Rapport sur les Frères musulmans : Musulmans de France dénonce des "accusations infondées"
La Fédération des Musulmans de France, présentée dans un rapport examiné ce mercredi 21 mai en Conseil de défense comme "la branche nationale des Frères musulmans en France", a dénoncé des "accusations infondées" et mis en garde contre des "amalgames dangereux" entre islam et radicalité.
Consulté par l’AFP, le rapport consacré aux Frères musulmans commandé par le gouvernement pointe une "menace pour la cohésion nationale" avec le développement d’un islamisme "par le bas", au niveau des municipalités. Il est examiné ce mercredi lors d’un Conseil de défense et de sécurité nationale présidé par Emmanuel Macron.
L’organisation rejette "fermement" toute "stratégie d''entrisme'"

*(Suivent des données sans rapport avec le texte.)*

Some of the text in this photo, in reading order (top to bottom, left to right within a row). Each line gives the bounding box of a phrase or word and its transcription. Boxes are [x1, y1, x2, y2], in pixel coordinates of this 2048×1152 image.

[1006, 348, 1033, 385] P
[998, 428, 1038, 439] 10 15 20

"Musulmans de France (MF) prend acte avec une profonde surprise et une grande préoccupation" des éléments contenus dans ce rapport, réagit dans un communiqué la Fédération qui a succédé en 2017 à l’Union des organisations islamiques de France (UOIF). "Nous avons fourni toutes les informations demandées, sans réserve, sur nos orientations, nos actions, notre gouvernance et nos principes fondamentaux."
Or le document final "désigne indirectement - mais sans ambiguïté - notre fédération comme une organisation affiliée ou représentative de la mouvance des Frères musulmans en France", ajoute MF dans un communiqué. "Nous rejetons fermement toute allégation qui tenterait de nous associer à un projet politique étranger, ou à une stratégie d''entrisme'. Cette lecture idéologique ne reflète ni notre réalité institutionnelle ni notre action de terrain."
"L’entrisme", explique une source de l’Elysée à l’AFP, "c’est du temps long, c’est dissimulé, et c’est un discours qui est très policé de façon officielle", résume-t-on en s’inquiétant aussi de "dynamiques caritatives sur le terrain".
La fédération Musulmans de France rappelle pour sa part avoir "signé la Charte des principes pour l’islam de France le 18 janvier 2021 à l’Élysée, devant le président de la République Emmanuel Macron, réaffirmant son attachement aux valeurs de la République, réfutant tout lien d’allégeance avec une puissance étrangère, notamment avec la confrérie des Frères musulmans, et plus largement avec l’islam politique".
Une "stigmatisation de l’islam"
Pointant un "contexte où les tensions identitaires fragilisent notre cohésion nationale", MF appelle "les autorités publiques, les chercheurs et les acteurs politiques à faire preuve de discernement, de rigueur intellectuelle et d’esprit de justice." "Les amalgames, même involontaires, entre islam, islamisme politique et radicalité sont non seulement dangereux, mais contre-productifs pour la République elle-même", écrit Musulmans de France. "Derrière ces accusations infondées, c’est une stigmatisation de l’islam et des musulmans qui se dessine".
Cette "mise en accusation permanente forge les esprits, alimente les peurs et participe, hélas, à des passages à l’acte violent", ajoute la fédération, citant notamment le meurtre d’Aboubakr Cissé, frappé de 57 coups de couteau le 25 avril dans la salle de prière d’une mosquée du Gard.
"Profonde inquiétude" pour le Conseil français du culte musulman
Le Conseil français du culte musulman (CFCM), ex-instance de représentation de l’islam tombée en disgrâce en 2021, a lui aussi exprimé sa "profonde inquiétude face aux possibles dérives et instrumentalisations des données rendues publiques". "La lutte contre l’extrémisme se réclamant de l’islam, qui nuit profondément à la vie des musulmans de France comme à celle de l’ensemble de nos concitoyens, est au cœur de nos priorités", ajoute le CFCM dans un communiqué. Mais "l’absence de définitions claires des concepts" utilisés dans le rapport "entretient une confusion préjudiciable" et "de nombreux citoyens musulmans ont aujourd’hui le sentiment de ne plus être à l’abri d’une suspicion permanente", ajoute le communiqué.
"Nous sommes tous parfaitement en ligne sur le fait de dire qu’il ne faut pas faire d’amalgame" avec les musulmans car "nous luttons contre l’islamisme et ses dérives radicales", a de son côté mis en avant la source élyséenne. A l’issue du conseil de défense et de sécurité nationale présidé par Emmanuel Macron, des mesures seront prises "dont certaines sont communiquées" mais d’autres resteront classifiées, a fait savoir l’Elysée.